Thousands of people were without running water and electricity in central Japan on Sunday after Typhoon Talas dumped record rains on the region, triggering floods and landslides, and killing at least two people. .
The body of a man in Kakegawa city, Shizuoka region, was pulled from his house on Saturday after a landslide destroyed it, a regional disaster management official told AFP. .
“Another man (in the neighboring city of Fukuroi) was driving home (Saturday) when the water level rose and his vehicle appeared to stop. While he was trying to walk home, he is presumed dead,” the official said.
Another man remains missing in the town of Kawanehoncho in Shizuoka after his car fell into an open pit in the road, he said, adding that three others suffered minor injuries.
Typhoon Talas made landfall in central Japan on Friday and Saturday as it swept across the Pacific coast, bringing in more than 40 centimeters (16 inches) of rain over a period of time, according to the Japan Meteorological Agency. 24 hours for communities in Shizuoka.
It was downgraded to an area of low pressure Saturday morning before moving back into the Pacific Ocean.
Heavy rain from the storm triggered landslides, including in remote mountainous areas of Shizuoka, causing several power poles to topple and collapse, resulting in about 120,000 households without power on Saturday.
As of Sunday afternoon, 2,910 households in Shizuoka and neighboring Gifu were still without electricity, according to the Chubu area electric company.
“For areas that are inaccessible by the recovery team due to road blockages following the landslide, we will proceed while analyzing the conditions of the landslide,” the company said.
About 55,000 households in Shizuoka are without running water after debris blocked water inlets.
City officials worked with the coast guard to provide clean water to residents.
“Currently, we are working to remove debris from a water inlet.

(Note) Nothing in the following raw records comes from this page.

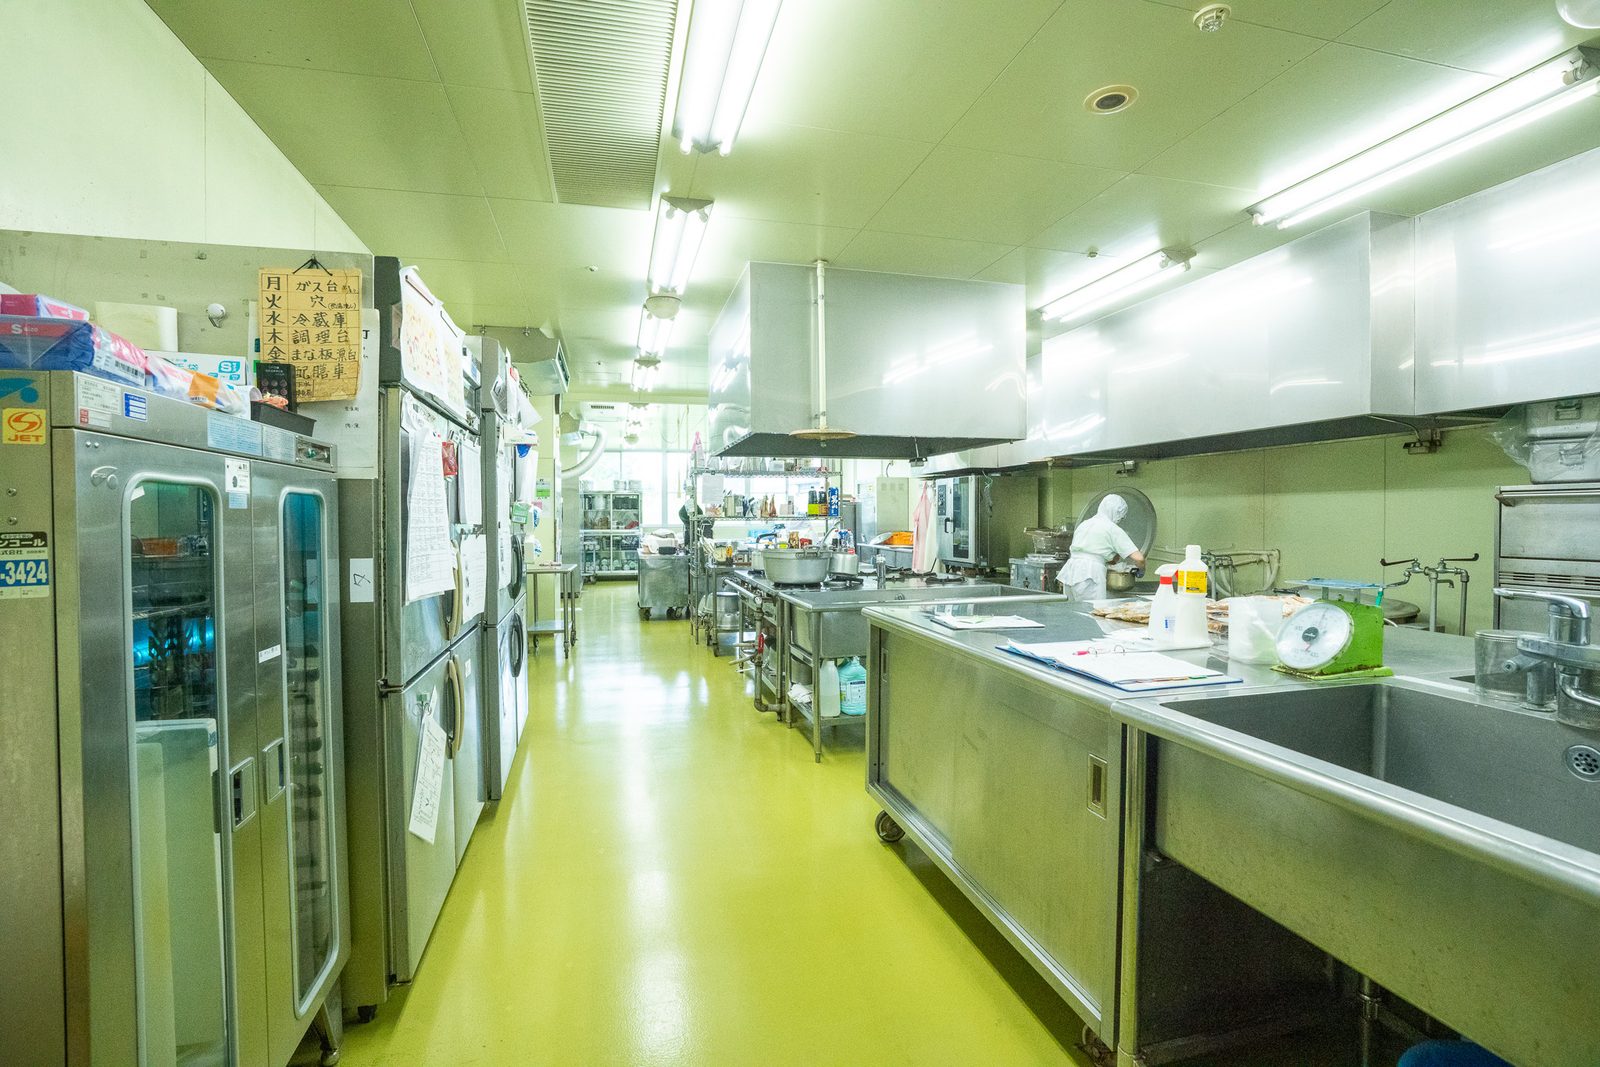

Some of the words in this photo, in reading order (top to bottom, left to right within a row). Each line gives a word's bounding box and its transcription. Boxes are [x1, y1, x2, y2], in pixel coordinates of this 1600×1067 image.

[266, 276, 281, 291] 月
[295, 279, 338, 293] ガス台
[265, 293, 282, 309] 火
[310, 294, 327, 309] 穴
[265, 310, 285, 326] 水
[291, 311, 347, 328] 冷蔵庫
[266, 328, 284, 344] 木
[292, 329, 349, 344] 調理台
[267, 345, 286, 363] 金
[8, 434, 43, 442] JET
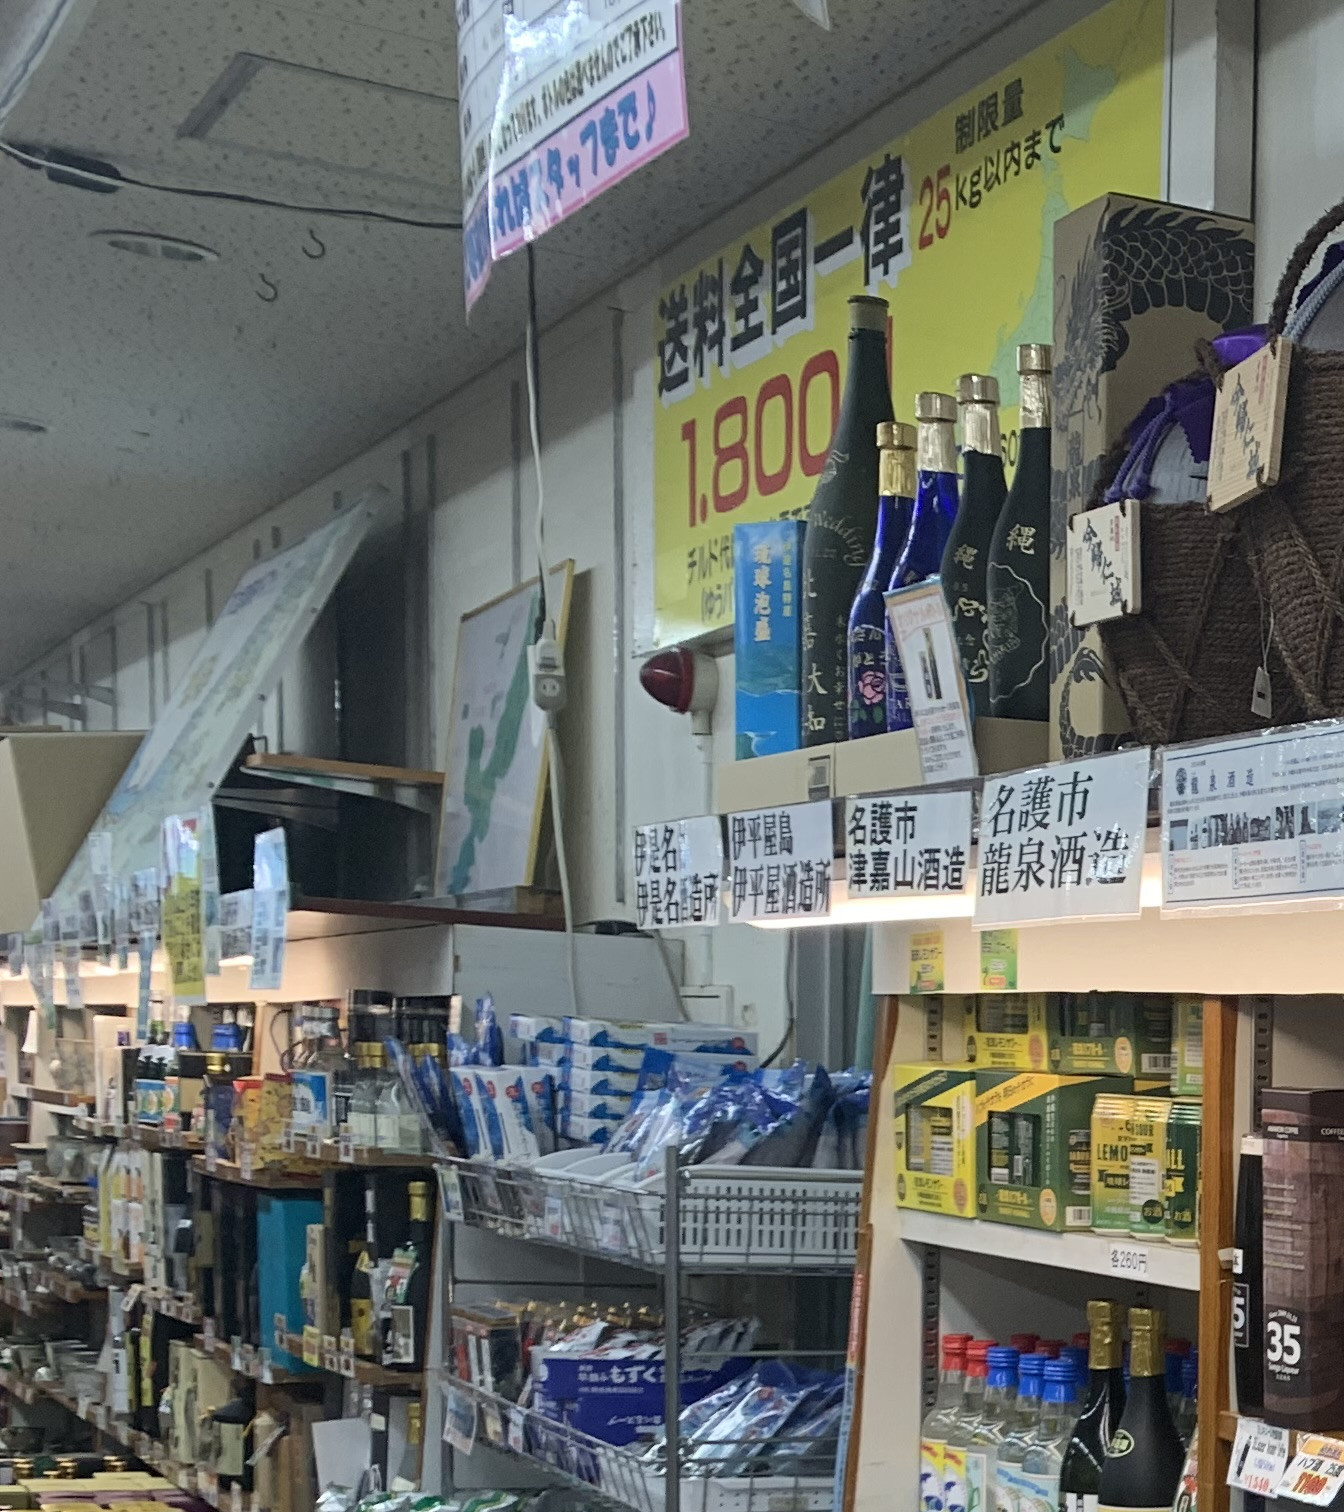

But at the moment we cannot give any estimate as to when it can be restored,” the regional government said. said in a statement Sunday morning.
Japan often suffers heavy damage from typhoons in the summer and autumn.
Last weekend, Typhoon Nanmadol made landfall in southwestern Japan, killing four people and injuring 147 others.
(This story has not been edited by NDTV staff and was automatically generated from the syndication feed.)